- EXERCISE: An exact repetition of every entry, with no images, is the required answer.
*** Opening DATA FOR THIS TASK ***
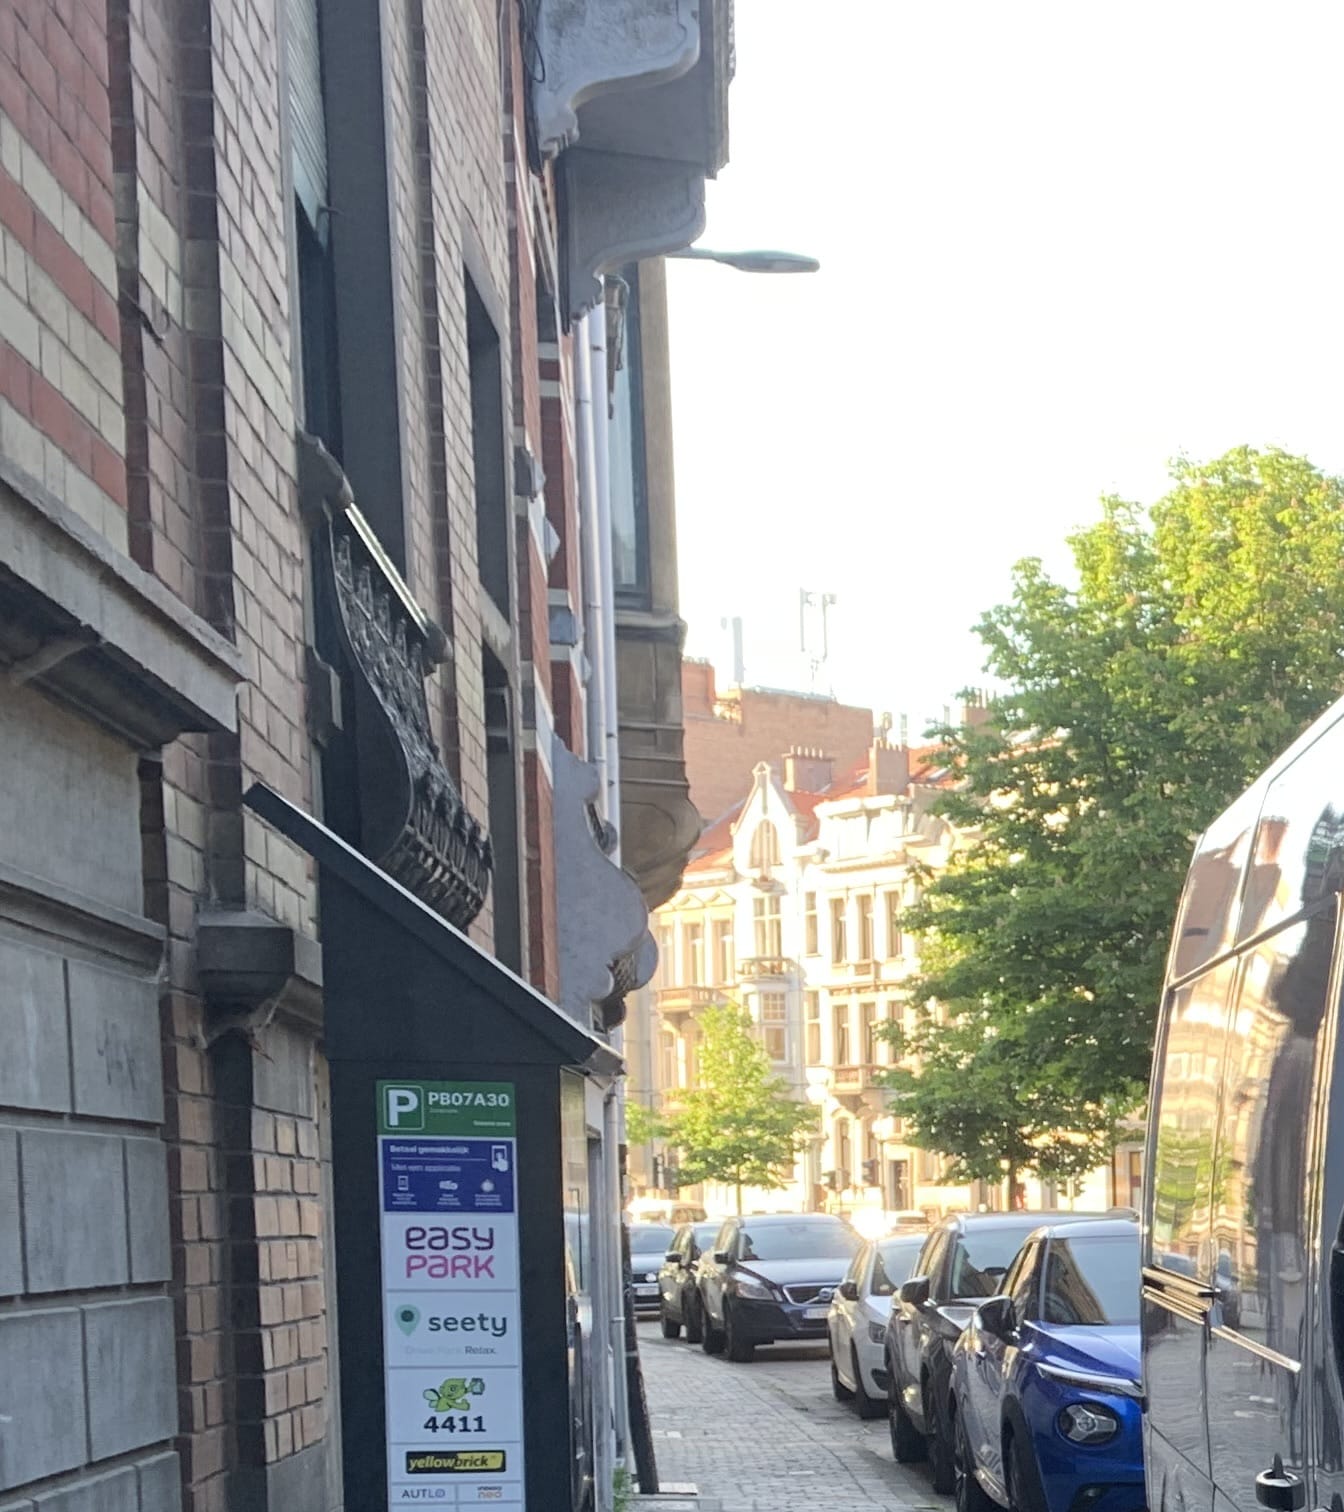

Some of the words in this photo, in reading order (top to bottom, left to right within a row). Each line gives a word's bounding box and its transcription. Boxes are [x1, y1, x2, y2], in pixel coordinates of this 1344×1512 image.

[388, 1089, 418, 1126] P
[427, 1091, 510, 1107] PB07A30
[405, 1226, 494, 1250] easy
[428, 1313, 507, 1337] seety
[423, 1415, 487, 1433] 4411
[408, 1455, 489, 1472] yellowbrick
*** Closing DATA FOR THIS TASK ***
- ANSWER:
Some of the words in this photo, in reading order (top to bottom, left to right within a row). Each line gives a word's bounding box and its transcription. Boxes are [x1, y1, x2, y2], in pixel coordinates of this 1344×1512 image.

[388, 1089, 418, 1126] P
[427, 1091, 510, 1107] PB07A30
[405, 1226, 494, 1250] easy
[428, 1313, 507, 1337] seety
[423, 1415, 487, 1433] 4411
[408, 1455, 489, 1472] yellowbrick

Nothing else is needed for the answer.